Choosing a Data Analytics Platform – What to Consider Before You Commit

Your organization should invest significantly in selecting the best data analytics platform. Making the right tool choice will help you meet consumer expectations while achieving your business objectives.

Before using a data analytics platform in your company, consider a data analytics platform comparison. Several tools with various capabilities, such as predictive analytics and data visualization, are included in a comprehensive data analytics platform. It seeks to transform data into knowledge that might advance your company.


The right size BI platform is essential for various reasons, including performance, security, and availability. A clunky data management system is more likely to lead to costly downtime, poor data quality, and even data loss. For the most part, a well-designed data architecture will provide a unified view of your organization’s critical data. It will allow you to make informed decisions about how to serve your customers best. The key to success is to ensure that all stakeholders are involved in the decision-making process and that they understand the importance of their role in ensuring a successful data science deployment. The best way to do this is to create a multi-disciplinary team, bringing together people with different skills and interests in an environment that promotes collaboration. The resulting collaboration will produce data insights that can be used to optimize operations and drive the bottom line.


The scalability of a data analytics platform can be an important consideration for businesses that want to grow. It shows that a system can handle growth and expand production or customer service.

Scalability is an essential quality for software systems, enabling them to adapt to both precedented and unprecedented increases in workload. It also determines how the database can respond to new users joining or integrating into the system.

It can take many forms, but generally, scalability refers to the ability of an application or network, or algorithm to move to a higher capacity or status when required. It can also refer to the ability of a system or network to adjust its structure and performance to accommodate changes in user demand or market needs.

The two most common scalability models are horizontal scaling (scaling out) and vertical scaling (scaling up). Horizontal scalability allows you to add or remove nodes without affecting the overall performance of your system. However, it increases initial costs and can be difficult to maintain.


Reliability is one of the most important factors when choosing a data analytics platform. This is because it can impact how well your organization performs.

A reliable data analytics platform can deliver accurate results that can be replicated consistently across multiple experiments. This is also referred to as internal consistency.

In addition to reliability, a data analytics platform should be able to resist external factors that could change the outcome of your research. These include changing variables such as the number of participants or their age.

Reliability is usually assessed by calculating the test-retest correlation. This scatterplot shows how similar your results are between the two tests.

Reliability is also a good way to assess how well your research will stand up to time. This is especially important in science because you might need to repeat your studies several times.

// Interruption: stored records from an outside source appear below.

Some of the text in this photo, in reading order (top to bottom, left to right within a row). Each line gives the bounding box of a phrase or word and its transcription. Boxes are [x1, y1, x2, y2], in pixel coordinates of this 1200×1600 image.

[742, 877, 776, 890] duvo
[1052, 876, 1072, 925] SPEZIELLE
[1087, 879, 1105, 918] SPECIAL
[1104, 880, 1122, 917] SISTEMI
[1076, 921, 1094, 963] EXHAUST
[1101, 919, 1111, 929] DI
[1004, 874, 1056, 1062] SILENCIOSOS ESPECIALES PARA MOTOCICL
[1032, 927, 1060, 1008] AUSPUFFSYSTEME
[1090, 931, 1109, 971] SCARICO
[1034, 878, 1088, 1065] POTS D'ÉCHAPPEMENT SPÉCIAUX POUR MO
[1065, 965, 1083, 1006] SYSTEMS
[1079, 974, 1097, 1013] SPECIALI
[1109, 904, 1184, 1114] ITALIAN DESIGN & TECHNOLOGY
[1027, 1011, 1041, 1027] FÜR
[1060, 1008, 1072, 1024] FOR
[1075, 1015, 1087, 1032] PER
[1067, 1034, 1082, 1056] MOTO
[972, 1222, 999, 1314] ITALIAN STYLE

A data analytics platform should be flexible enough to accommodate your needs now and into the future. This means it should be able to interoperate with your data warehouse and ETL tools, as well as your database and storage infrastructure.

It should also scale up and grow with your business over time. This is especially true if your organization plans to add new employees or expand its reach.

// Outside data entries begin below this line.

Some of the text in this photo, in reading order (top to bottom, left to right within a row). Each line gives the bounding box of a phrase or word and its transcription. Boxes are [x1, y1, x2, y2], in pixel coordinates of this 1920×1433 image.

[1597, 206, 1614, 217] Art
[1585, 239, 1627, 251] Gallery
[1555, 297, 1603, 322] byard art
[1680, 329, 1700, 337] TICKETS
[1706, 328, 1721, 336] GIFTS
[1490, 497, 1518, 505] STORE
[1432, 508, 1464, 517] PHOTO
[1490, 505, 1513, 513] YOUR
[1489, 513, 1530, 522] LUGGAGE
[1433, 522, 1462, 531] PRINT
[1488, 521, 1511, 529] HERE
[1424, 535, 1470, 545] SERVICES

The right analytics solution should also be easy to use and allow technical and non-technical users to analyze data. The platform should support an interactive SQL editor, a notebook environment for advanced analytics and visualization, and collaboration tools for less tech-savvy users.

The platform should offer a variety of pre-built dashboards and reporting templates. It should also support easy-to-use machine learning algorithms that generate best-practice visualizations and narratives based on data insights.


When choosing a data analytics platform, you should consider the initial and ongoing maintenance costs. These include software upgrades, bug fixes, feature requests, performance optimization as data grows, and fixing data quality issues.

The price of a data analytics system also depends on how much data it can handle and the number of users using it. For example, a company with eight million daily queries would need a large, expensive data analytics platform.

In addition to data storage, a data analytics platform needs tools for processing and exporting data. These tools include APIs, webhooks, and file servers.

After processing the data, a platform will need reports that present all of the information in a form that is easy to understand. These reports can be in charts, diagrams, graphs, and other visuals.